A l’origine, pour moi, le pardon était simplement l’oubli de la faute pour passer à autre chose. Cet oubli simple a un défaut majeur : il n’offre aucune protection, ni contre l’autre ni contre soi même. Peut-on dire qu’une faute est pardonnée quand elle ressort dans la moindre conversation, dans le moindre reproche ultérieur adressé au “fautif”, même sur des sujets complètements différents ? Et que va penser une personne qui, si elle a conscience d’avoir fauté, ne voit aucun effet de sa faute ? Que finalement ce n’était peut-être pas si grave, que ça ne présente aucune importance pour l’offensé. L’oubli simple est le meilleur moyen pour être un dindon, et de le rester. Bref, trop simple. Sauf si, avec le recul, on réalise que la faute était vraiment bénigne, j’y reviendrai plus bas.
Pourquoi vouloir pardonner ? Ce qu’on n’a pas pardonné reviendra nous hanter à chaque fois que nous verrons la personne qui nous a fait du mal, à chaque fois que nous penserons à elle, à chaque fois que nous serons dans une situation similaire.
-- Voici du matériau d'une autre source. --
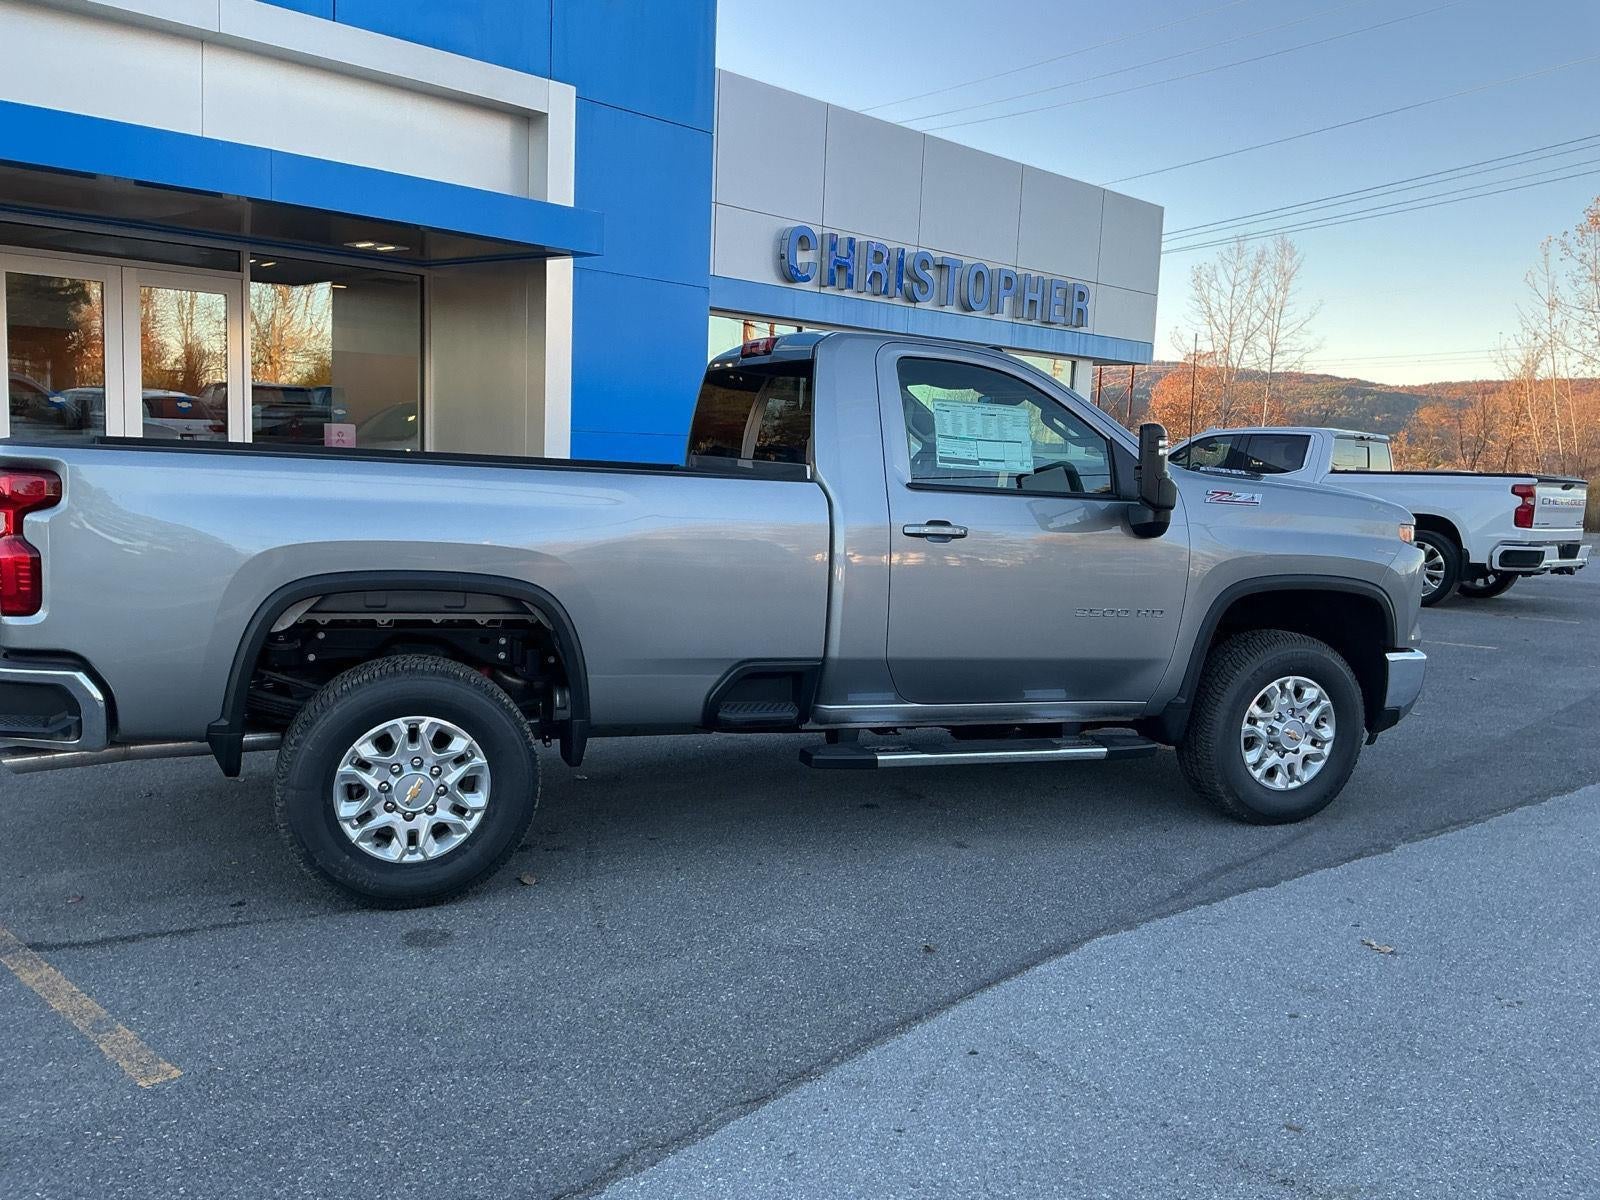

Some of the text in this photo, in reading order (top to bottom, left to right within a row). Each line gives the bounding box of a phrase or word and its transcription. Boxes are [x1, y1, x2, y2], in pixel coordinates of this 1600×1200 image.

Et alors, bouffées de colère, de haine contre cette personne, fermeture vis-à-vis d’elle ou, pire, fermeture vis-à-vis d’autres personnes parce qu’elles pourraient, éventuellement, nous blesser de la même manière. Refuser le pardon, c’est se condamner à être perpétuellement la proie de la colère, de la haine. Sans dire que c’est le chemin le plus rapide vers l’enfer (la colère est un péché capital, je crois), c’est un moyen très sûr de transformer sa vie en un mini enfer peuplé d’insatisfactions. Plus on avance dans la vie, plus on se prend de coups, celui qui veut tous les rendre et cherche la vengeance à tout prix ne vivra finalement plus que pour ça et deviendra victime de sa haine.
Comment pardonner ? Ça commence par avoir la volonté d’aller vers l’autre, de le comprendre, de savoir pourquoi il a fait ça. On peut le faire pour soi, dans sa tête, le mieux est quand même d’en discuter avec l’autre, sans se plaindre ou se présenter en Caliméro (“comment as-tu pu oser me faire ça à moi ?”). La compréhension amène à l’empathie, elle permet de réaliser que, peut-être, si l’autre a fait ce qu’il a fait, c’est parce qu’il a perdu le contrôle de la situation, parce qu’il lui manquait une information, parce qu’il a une autre manière de penser. Sans vouloir chercher à tout prix des excuses, ce qui serait tomber dans le déni de la faute, tout aussi destructeur que l’oubli, on peut toujours trouver des raisons à ce qui s’est passé chez la personne ou dans le contexte de la faute. Et ces raisons amènent à voir l’autre comme un être humain, tout simplement, avec ses qualités et aussi ses défauts. Défauts sans lesquels cette personne serait chiante à mourir ! Dans certains cas, comprendre l’autre peut aussi amener à réaliser que finalement, ce qu’on lui reproche si fort n’était peut-être pas si grave.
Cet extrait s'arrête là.